PROBLEM DESCRIPTION: If a picture appears in the records below, drop it, and reproduce everything else exactly.
__________
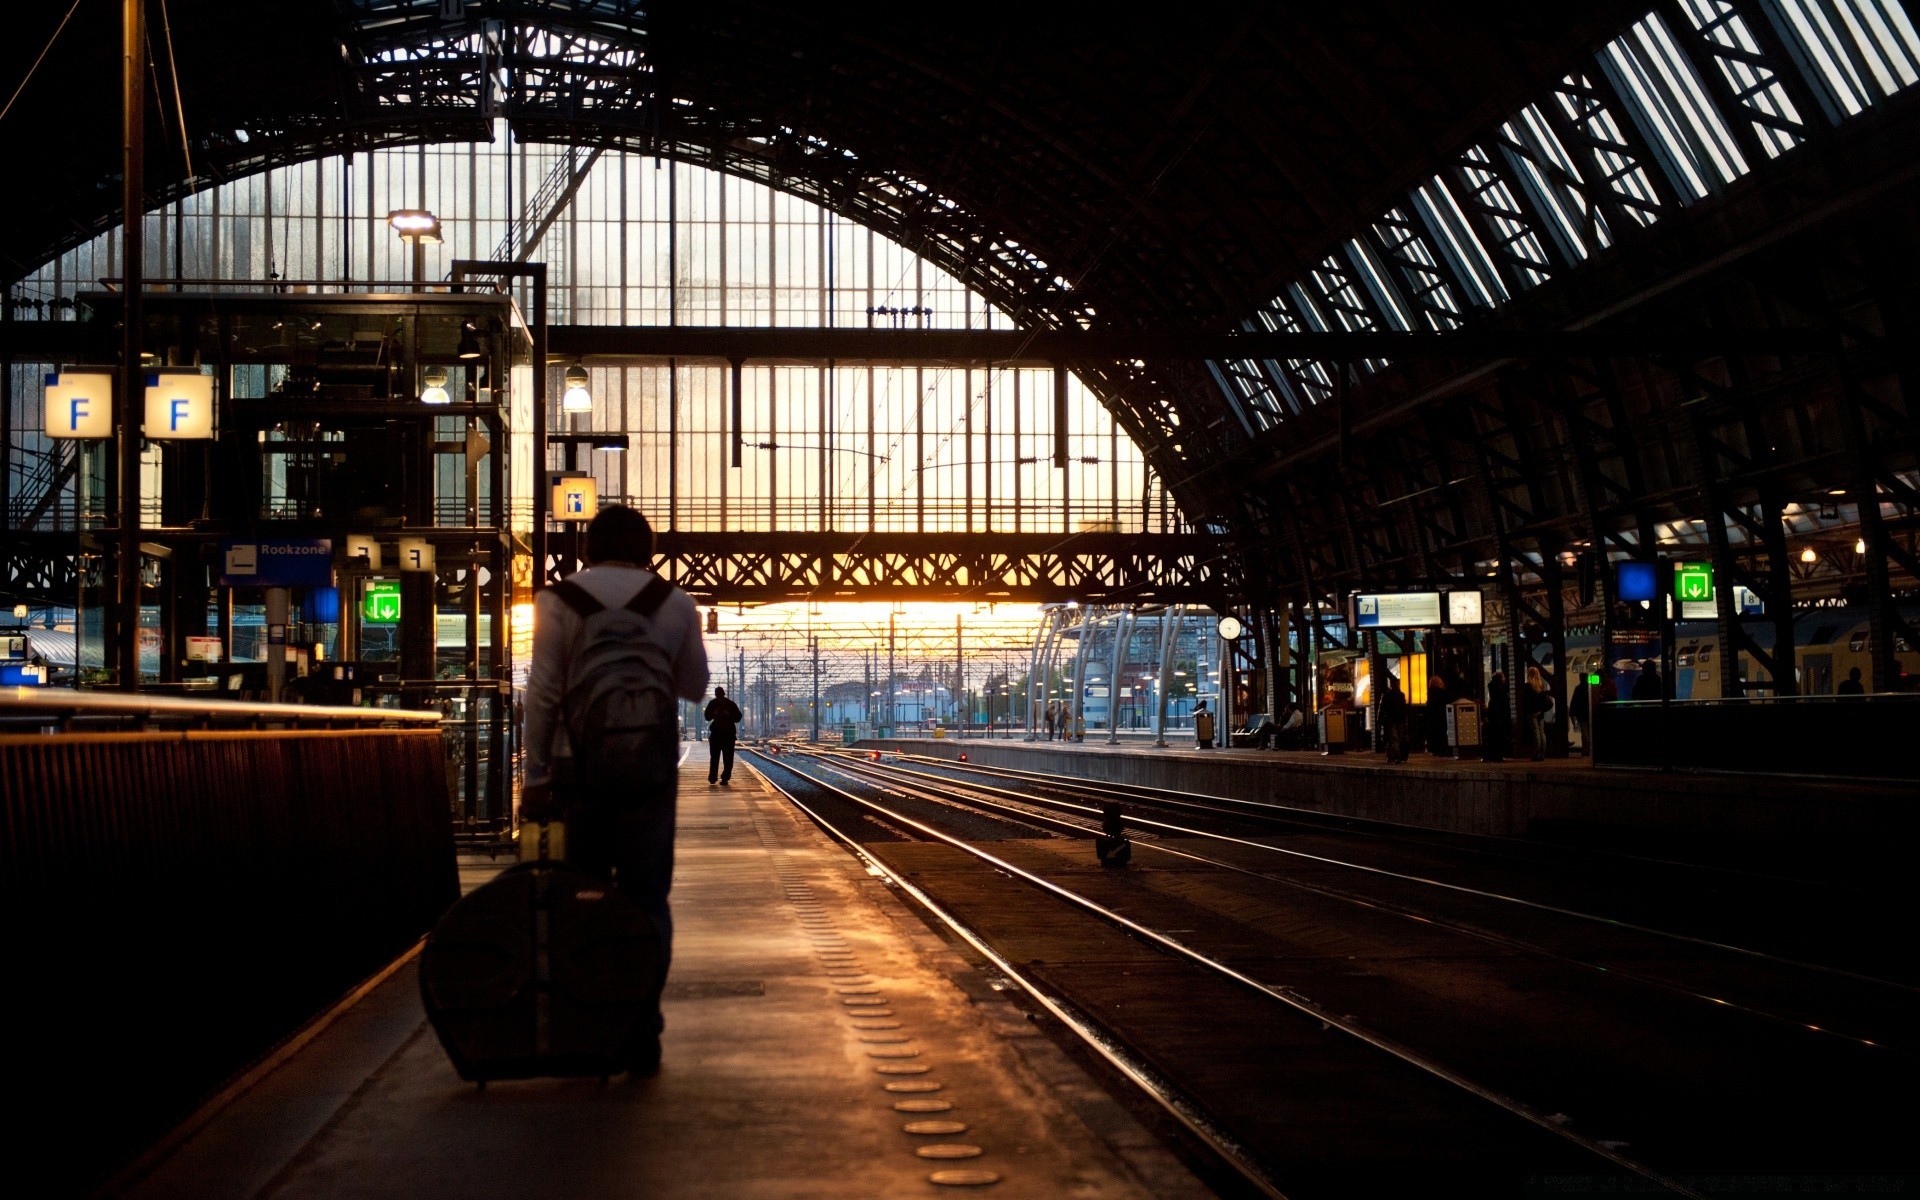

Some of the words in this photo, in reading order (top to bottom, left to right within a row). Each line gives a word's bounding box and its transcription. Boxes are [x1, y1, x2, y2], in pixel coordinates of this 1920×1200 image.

[70, 398, 89, 430] F
[171, 399, 189, 431] F
[261, 544, 326, 555] Rookzone
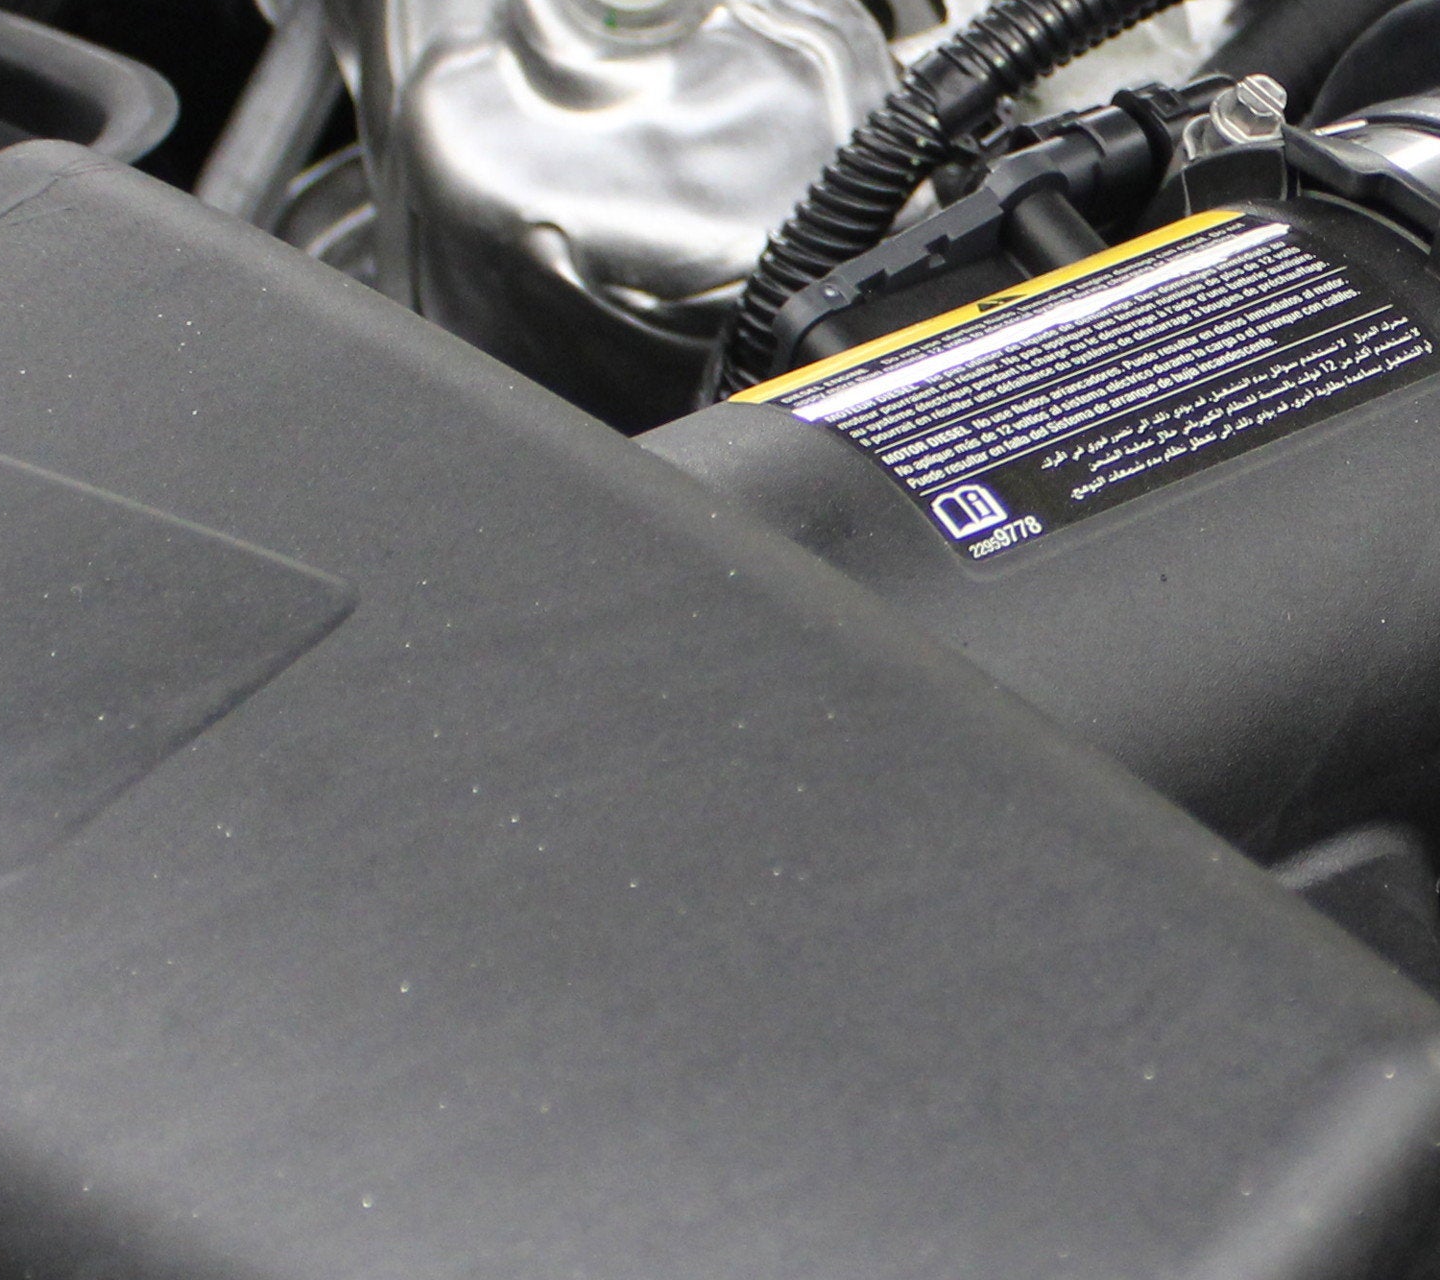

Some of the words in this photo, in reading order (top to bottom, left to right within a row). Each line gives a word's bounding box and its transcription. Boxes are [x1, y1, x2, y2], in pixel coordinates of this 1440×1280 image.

[1257, 255, 1275, 265] 12
[881, 441, 928, 464] MOTOR
[925, 425, 971, 447] DIESEL
[971, 417, 991, 429] No
[989, 409, 1013, 423] use
[1010, 394, 1050, 414] fluidos
[1049, 366, 1124, 399] arrancadores.
[1121, 351, 1159, 369] Puede
[1157, 335, 1198, 356] resultar
[1198, 329, 1215, 340] en
[1213, 316, 1247, 334] daños
[1243, 294, 1303, 321] inmediatos
[1301, 288, 1315, 299] al
[1313, 277, 1348, 294] motor.
[893, 464, 914, 477] No
[912, 448, 955, 470] aplique
[953, 437, 981, 453] más
[979, 431, 998, 443] de
[995, 423, 1014, 436] 12
[1012, 410, 1050, 430] voltios
[1048, 403, 1062, 416] al
[1060, 387, 1107, 411] sistema
[1105, 368, 1154, 392] eléctrico
[1152, 352, 1194, 373] durante
[1190, 347, 1207, 358] la
[1204, 336, 1237, 353] carga
[1234, 332, 1246, 341] o
[1243, 326, 1258, 338] el
[1255, 310, 1303, 333] arranque
[1300, 301, 1324, 315] con
[1321, 288, 1360, 307] cables.
[906, 469, 945, 489] Puede
[943, 451, 988, 474] resultar
[988, 444, 1006, 457] en
[1002, 434, 1031, 450] falla
[1028, 425, 1049, 440] del
[1045, 408, 1095, 432] Sistema
[1092, 402, 1110, 414] de
[1108, 383, 1158, 408] arranque
[1156, 377, 1174, 389] de
[1169, 366, 1200, 383] bujía
[1196, 337, 1276, 372] incandescente.
[1319, 359, 1337, 372] 12
[969, 515, 1041, 557] 22959778
__________
ANSWER TO THE EXERCISE:
Some of the words in this photo, in reading order (top to bottom, left to right within a row). Each line gives a word's bounding box and its transcription. Boxes are [x1, y1, x2, y2], in pixel coordinates of this 1920×1200 image.

[70, 398, 89, 430] F
[171, 399, 189, 431] F
[261, 544, 326, 555] Rookzone

Some of the words in this photo, in reading order (top to bottom, left to right within a row). Each line gives a word's bounding box and its transcription. Boxes are [x1, y1, x2, y2], in pixel coordinates of this 1440×1280 image.

[1257, 255, 1275, 265] 12
[881, 441, 928, 464] MOTOR
[925, 425, 971, 447] DIESEL
[971, 417, 991, 429] No
[989, 409, 1013, 423] use
[1010, 394, 1050, 414] fluidos
[1049, 366, 1124, 399] arrancadores.
[1121, 351, 1159, 369] Puede
[1157, 335, 1198, 356] resultar
[1198, 329, 1215, 340] en
[1213, 316, 1247, 334] daños
[1243, 294, 1303, 321] inmediatos
[1301, 288, 1315, 299] al
[1313, 277, 1348, 294] motor.
[893, 464, 914, 477] No
[912, 448, 955, 470] aplique
[953, 437, 981, 453] más
[979, 431, 998, 443] de
[995, 423, 1014, 436] 12
[1012, 410, 1050, 430] voltios
[1048, 403, 1062, 416] al
[1060, 387, 1107, 411] sistema
[1105, 368, 1154, 392] eléctrico
[1152, 352, 1194, 373] durante
[1190, 347, 1207, 358] la
[1204, 336, 1237, 353] carga
[1234, 332, 1246, 341] o
[1243, 326, 1258, 338] el
[1255, 310, 1303, 333] arranque
[1300, 301, 1324, 315] con
[1321, 288, 1360, 307] cables.
[906, 469, 945, 489] Puede
[943, 451, 988, 474] resultar
[988, 444, 1006, 457] en
[1002, 434, 1031, 450] falla
[1028, 425, 1049, 440] del
[1045, 408, 1095, 432] Sistema
[1092, 402, 1110, 414] de
[1108, 383, 1158, 408] arranque
[1156, 377, 1174, 389] de
[1169, 366, 1200, 383] bujía
[1196, 337, 1276, 372] incandescente.
[1319, 359, 1337, 372] 12
[969, 515, 1041, 557] 22959778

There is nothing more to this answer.